Sophie Pacini plays with exceptional clarity, and also exceptional depth, facility, nuance and precision. Her playing transcends that of other gifted and well-known pianists. Her albums include “Rimembranza”, “In Between: Schumann and Mendelssohn”, “Beethoven Liszt: Solo Piano”, “Chopin”, (an album of Schumann and Liszt), “Schumann, Piano Concerto; Mozart, Piano Concerto”.

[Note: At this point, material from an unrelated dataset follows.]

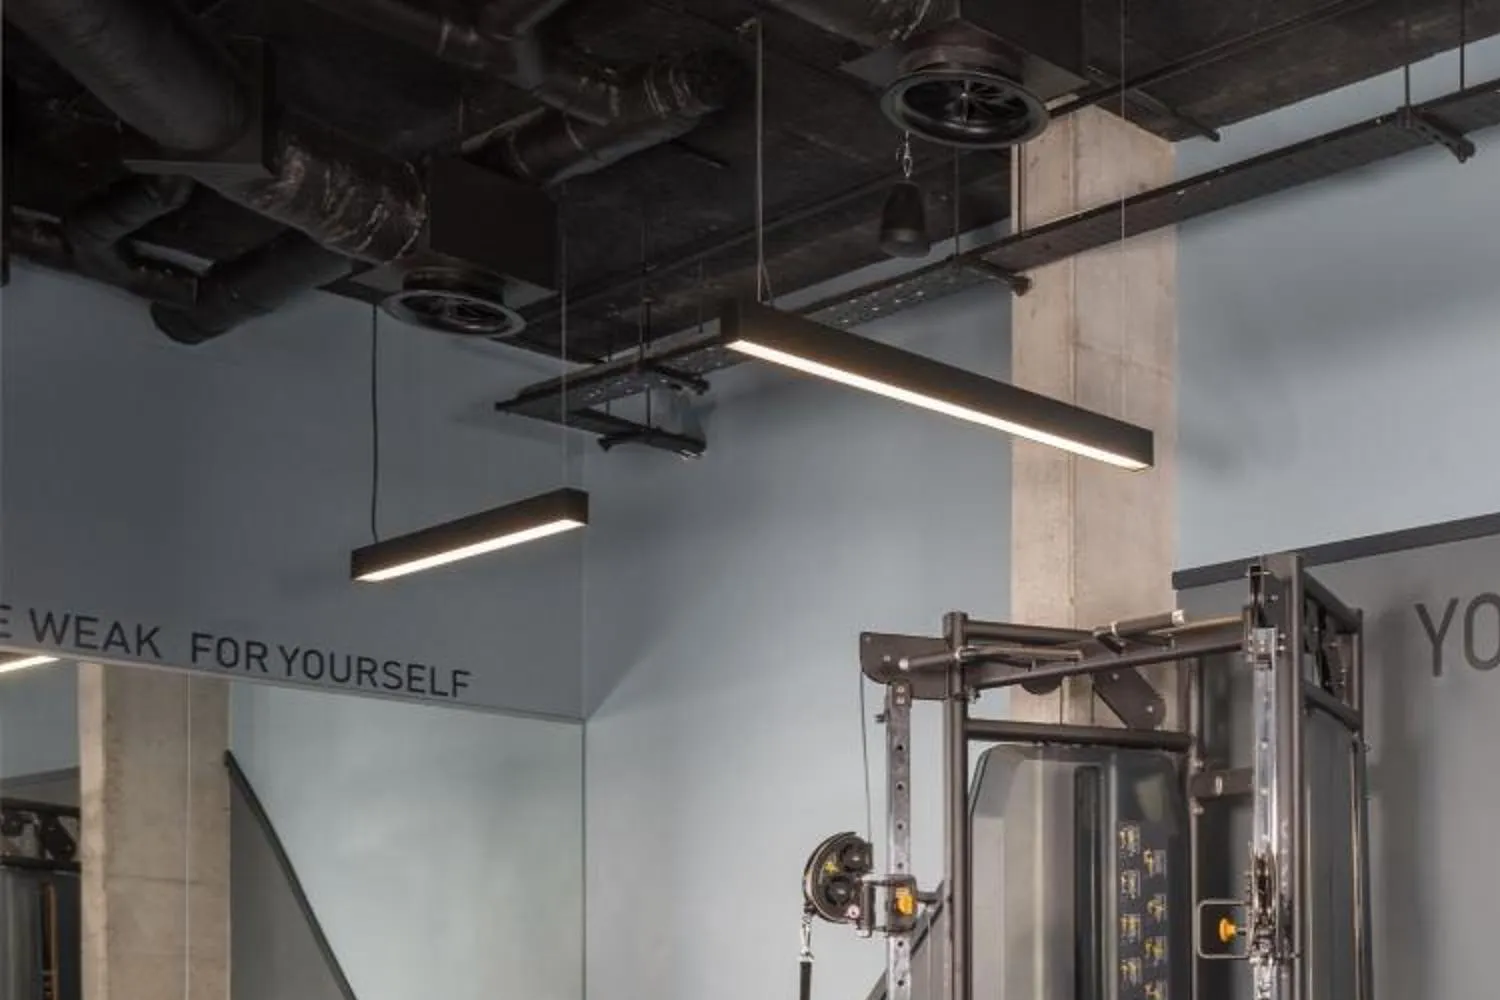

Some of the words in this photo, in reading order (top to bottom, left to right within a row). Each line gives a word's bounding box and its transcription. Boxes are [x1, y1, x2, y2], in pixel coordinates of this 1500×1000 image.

These albums by electronic-minimalist Klaus Wiese use Tibetan singing bowls to create a trance-like effect:

  • “Tibetsche Klangschalen I”: Part I; Part II (1985)
  • “Tibetsche Klangschalen II”: Akash I; Akash II (1986)
  • “Tibetan Sound Bowls” (2004)

Other albums:

  • Patricia Barber, “Clique”: the singer’s placement, along with the album’s romantic theme, yields an outstanding clarity of sound and intent.
  • John Stowell and Dan Dean, “Rain Painting”: “ I am swept away by the clarity and meditative power of the melodies and the skill of Dan to orchestrate them.” [Frank Kohl, Cadence magazine, April May June 2021 issue, p. 105.]
  • Arbenz, Mehari, Veras, “Conversation #1”: “ The recording quality is . . . especially well done, giving the listener the pleasure of hearing each instrument with pristine clarity and separation.” [Frank Kohl, Cadence magazine, July August September 2021 issue, p. 74.]
  • Paul Shaw Quintet, “Moment of Clarity”
  • Unhinged Sextet, “Clarity”
  • The Spin Quartet, “In Circles”: “The absence of a piano or guitar from the instrumentation of two horns, bass, and drums gives clarity and an open quality to the music . . .” [Don Lerman, Cadence magazine, Annual edition 2015, p. 207.]
  • Tal Gur, “Under Contractions”, is “an interesting amalgam of improvisational approaches, a program realized with clarity and conviction by the assured players.” [Jason Blivins, Cadence magazine, Annual edition 2015, p. 221.]
  • Jessica Williams, “With Love”: “. . . her playing is consistently lyrical and precise. Every note has the clarity and spacing of a harp.” [Cadence magazine, July August September 2014 issue, p. 124.]
  • Parker Quartet & Kim Kashkashian, “Kurtág: Six moments musicaux, Officium breve; Dvoƙák: String Quartet op. 97”: “. . . the sound has a spaciousness and an unsparing clarity whose coolness is offset by the freedom it gives the performers to respond to the music, in playing of often astonishing colous, subtlety and rhythmic range.” [Richard Bratby, Gramophone magazine, November 2021 issue, p. 51.]
  • Laura Newell, “The Philharmonia Recordings” (2022) (78’): Sam Milligan, founding editor of The American Harp Journal said that Newell had “the cleanest technique I ever heard”.

Compositions:

  • Jesper Koch, Korbogen, presented on the album “Choirbook”, presenting a composition in seven chapters, for a capella choir – Koch writes: “When I write purely melodically, nothing must stand in the way of clarity. So everything superfluous is stripped away.”

From the dark side:

  • Frith, “Tense Serenity”

Fictional Narratives

Novels and stories:

  • Tom Bissell, Creative Types: And Other Stories (Pantheon, 2021) “. . . on every page of this book Bissell sees life with mordant clarity and finds words not only to describe it but to reanimate it.”